Le visage de M. Crisparkle se rasséréna visiblement, tandis que le Chanoine prononçait ces derniers mots.

« Vous me devinez. Je sens que je n’étais plus moi-même, j’étais devenu triste et bilieux, j’avais le cerveau embarrassé. Vous m’avez dit que je donnais dans l’exagération. C’était bien vrai. »

Le visage de M. Crisparkle se rassérénait de plus en plus.

« Je pouvais bien ne pas m’en apercevoir alors, parce que je n’étais pas dans mon état naturel ; mais maintenant ma santé est bien meilleure, et je reconnais avec un vrai plaisir que j’ai fait une grande affaire de très-peu de chose.

— Cela me fait du bien, s’écria M. Crisparkle, de vous entendre parler ainsi.

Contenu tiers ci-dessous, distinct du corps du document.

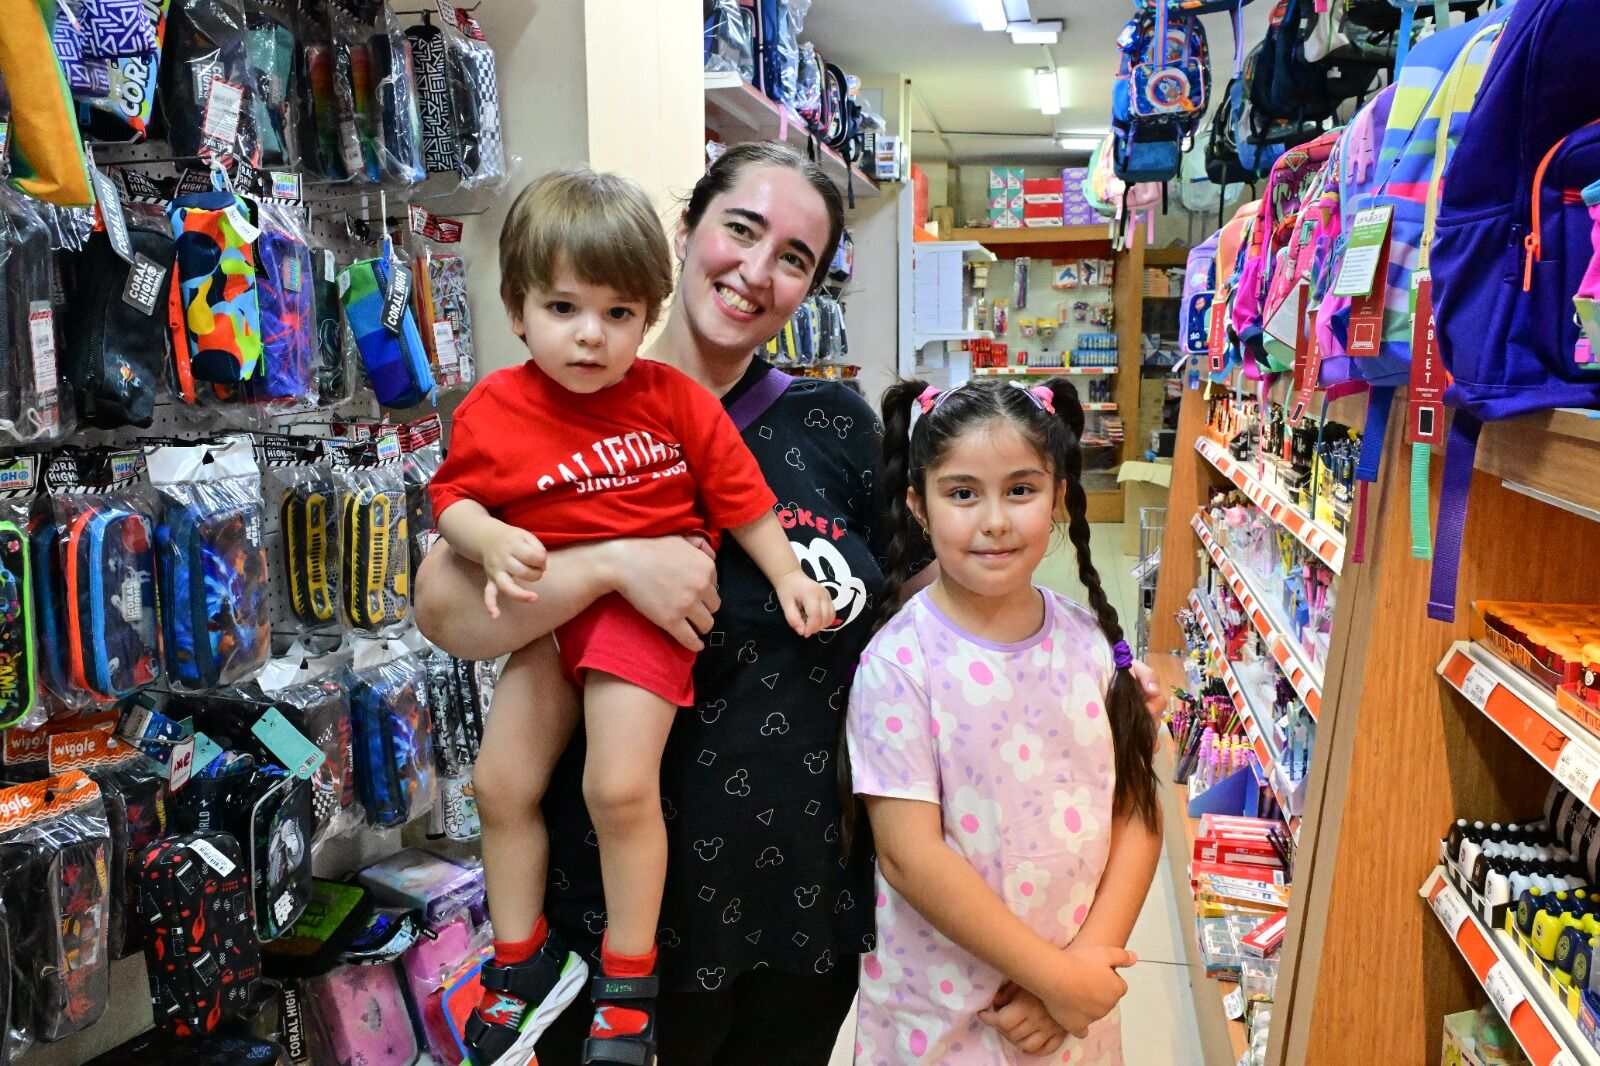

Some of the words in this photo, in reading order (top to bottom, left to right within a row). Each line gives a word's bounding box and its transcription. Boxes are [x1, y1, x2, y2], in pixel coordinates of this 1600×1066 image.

[104, 181, 116, 214] HIGH
[111, 214, 129, 255] CORAL
[128, 261, 148, 299] CORAL
[395, 269, 407, 296] HIGH
[388, 293, 404, 326] CORAL
[55, 737, 96, 757] wiggle
[285, 989, 298, 1018] HIGH
[288, 1017, 302, 1057] CORAL

— Un homme qui mène une existence monotone, continua Jasper, et dont les nerfs et l’estomac ne sont pas dans un état normal, s’appesantit sur une idée jusqu’à en perdre les justes proportions. C’était mon cas à l’égard de l’idée dont il s’agit. Aussi je brûlerai les preuves de ma folie quand le livre en sera plein, et je commencerai un nouveau volume avec un jugement bien plus net.

— À la bonne heure ! dit M. Crisparkle en s’arrêtant devant sa porte pour serrer la main de Jasper, cela finit mieux que je ne l’aurais espéré.

— Bon, répliqua Jasper, vous ne pouviez guère espérer que je tâcherais de me rendre semblable à vous. Vous vous appliquez toujours à vous tenir l’esprit et le corps purs comme le cristal ; c’est votre état habituel et vous n’en changerez jamais. Moi, je suis une mauvaise herbe, fangeuse, solitaire, et languissante. Pourtant j’ai triomphé de cette torpeur… M. Neville ne doit pas encore avoir quitté votre demeure pour se rendre à la mienne. S’il n’est pas parti, nous ferons la route ensemble.

— Je pense, dit M. Crisparkle en introduisant la clef dans la serrure, qu’il est sorti depuis quelque temps, tout au moins je sais qu’il a quitté la maison et je ne pense pas qu’il soit de retour. Mais je vais m’en informer. Ne voulez-vous pas entrer ?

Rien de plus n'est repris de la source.